Vrakir regarded him impassively, rising to none of it.

‘And now your empty airships that we diverted our entire air strength to defend. Is there a nagging feeling in the back of your mind, Vrakir? Did your people forget something back in Capitas, perhaps? Is their plan still sitting back at the airfield, all neatly crated and waiting to fly?’

‘I need to speak with you, and only you, General,’ Vrakir replied.

Tynan looked at him, thinking, Is this it then? Is this when we come to blows, the two most senior Wasps in Collegium trading sting-shot across a small room?

Would I welcome that, if it was?

With a sick feeling he realized that he would. If Vrakir tried to kill him, then he would take that as a fair excuse for killing Vrakir right back. Is this something Mycella did to punish me, when I killed her? Is this some Art – some Inapt thing – that has hold of me? Or is it just me? Come on, Tynan, you don’t need anything more than that to want this man dead. You’re already an unnatural bastard for having let him live this long.

He flexed his fingers, shrugged his shoulders. He wore a leather cuirass under his tunic, and it might deflect the fire of a stingshot, if he was lucky. Vrakir, on the other hand, looked unarmoured.

‘Get out, all of you,’ he murmured.

‘General—?’

‘All of you, out now. Out into the next room, but wait for my shout.’ Because if he is quicker than me, then by the Empress I’ll trust you to kill him before he can get out of this place. ‘You too, Captain Bergild.’

The woman looked as though she wanted to protest, which Tynan found oddly touching, but in the end she left along with the rest of them.
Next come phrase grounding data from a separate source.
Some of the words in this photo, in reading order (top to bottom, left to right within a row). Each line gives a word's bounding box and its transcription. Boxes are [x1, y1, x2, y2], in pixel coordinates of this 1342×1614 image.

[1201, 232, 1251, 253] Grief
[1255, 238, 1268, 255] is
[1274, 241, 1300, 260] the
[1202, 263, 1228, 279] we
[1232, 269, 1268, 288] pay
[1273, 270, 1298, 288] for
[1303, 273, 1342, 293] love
Tynan slid one foot back for better balance, waiting for the first sign that Vrakir might go for him. He was a loyal servant of the Empire, was Tynan. He would not strike first.
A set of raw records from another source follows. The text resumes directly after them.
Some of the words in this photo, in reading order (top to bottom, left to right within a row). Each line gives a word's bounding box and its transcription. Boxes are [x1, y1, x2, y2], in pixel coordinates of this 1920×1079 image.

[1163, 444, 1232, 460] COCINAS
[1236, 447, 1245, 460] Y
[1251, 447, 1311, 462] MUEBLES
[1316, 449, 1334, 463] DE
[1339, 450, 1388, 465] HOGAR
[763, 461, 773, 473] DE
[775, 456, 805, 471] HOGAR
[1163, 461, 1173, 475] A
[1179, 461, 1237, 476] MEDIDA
Instead, the Red Watch officer reached into his tunic, the least threatening gesture a Wasp could make, and drew out a scroll.
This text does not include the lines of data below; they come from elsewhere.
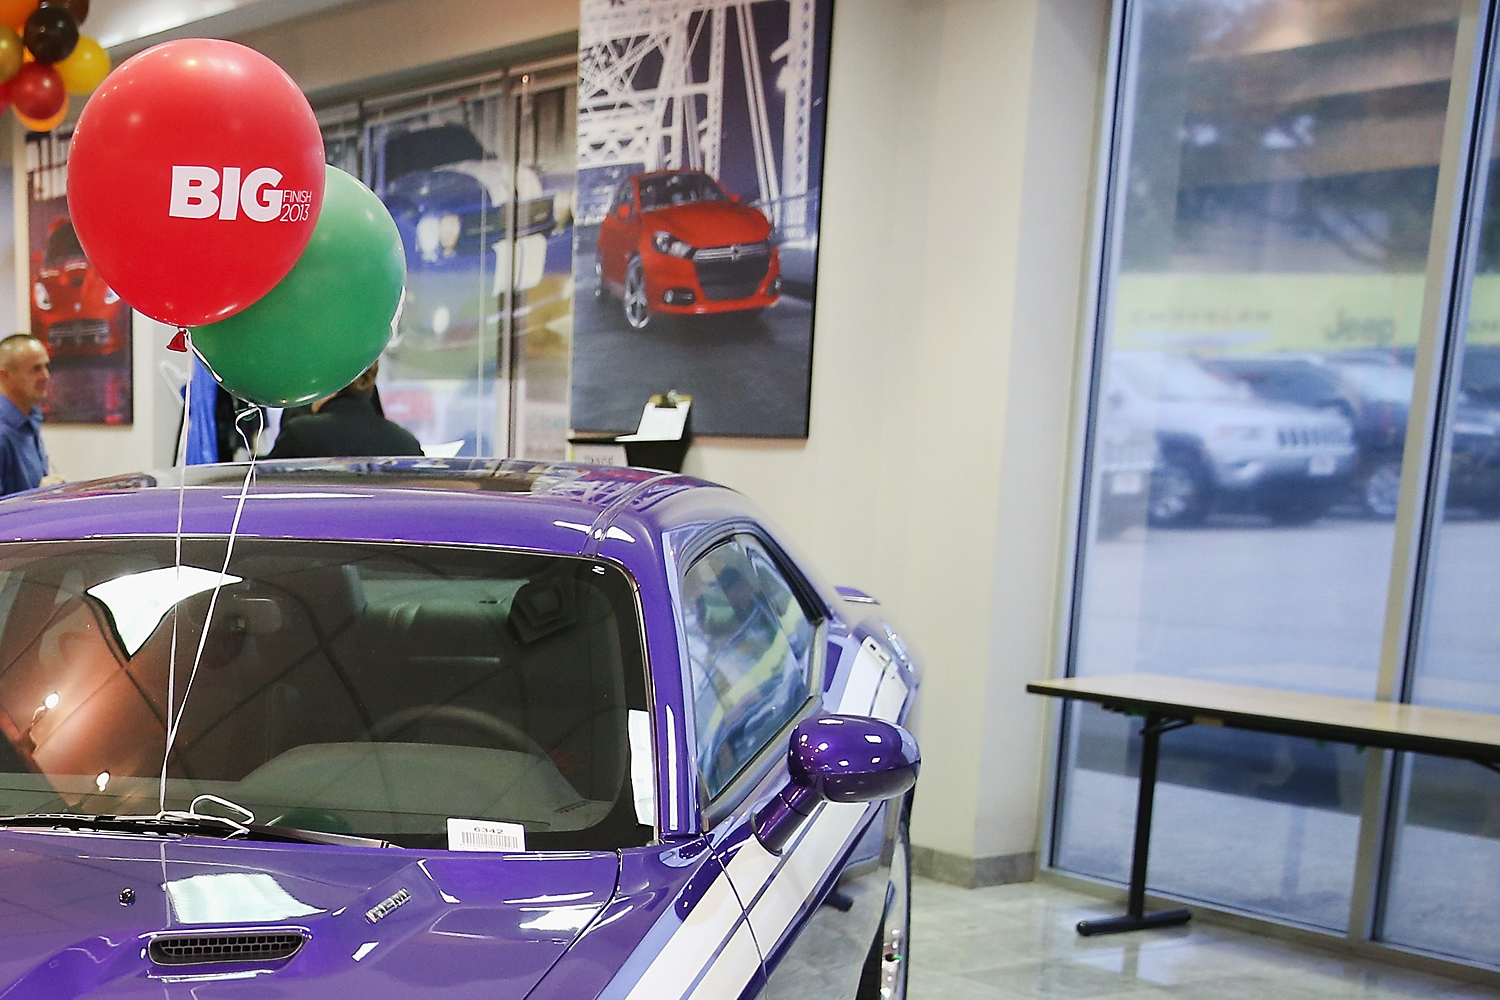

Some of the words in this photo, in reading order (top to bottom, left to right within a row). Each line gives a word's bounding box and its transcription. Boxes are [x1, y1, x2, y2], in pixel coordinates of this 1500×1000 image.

[169, 165, 284, 222] BIG
[282, 190, 312, 203] FINISH
[279, 203, 311, 222] 2013
[473, 826, 505, 835] 6342
[365, 888, 412, 923] HEMI
‘Orders, General,’ he said quietly. ‘These airships brought orders.’

‘That’s a lot of hold space for one piece of paper,’ Tynan remarked. Vrakir was pointedly still at attention – a hard pose to launch a surprise attack from, which was probably the original point of it. Unwillingly, Tynan stepped forwards and snatched the scroll that Vrakir proffered.

Tynan retreated again, unrolling it, noting the seals: no strange intuitions of the Red Watch this time. The Empress herself had held this paper and given it her mark.

He scanned the few lines written there, feeling a weird sense that he had done this all before.

‘This is . . .’

‘We should begin loading immediately, General,’ Vrakir confirmed.

Loading, yes, but not with the soldiers of the Second, who were hereby commanded to hold Collegium against all comers. No last-minute escape for Tynan’s boys if things go bad, instead . . .

‘What is this?’ Tynan demanded, crumpling the scroll.

‘Orders, General,’ Vrakir said again. ‘We have three score Slave Corps to deal with the logistics, but we should . . .’

‘Major Vrakir, we don’t have anywhere like this number of Collegiates in the cells, never mind whether any of them are Inapt or not. This simply isn’t—’

‘General, the Empress is not looking for criminals or seditionists or rebels. She simply seeks slaves. I will give the necessary orders to begin rounding up the local population. We have lost one airship, but the slavers reckon we should be able to fit almost a thousand in the hold of each surviving vessel, if they pack them tight.’

‘What is this all about, Vrakir?’ Tynan demanded.

‘The Empress’s will, sir,’ Vrakir replied, while his expression said eloquently, I don’t know. I do not know.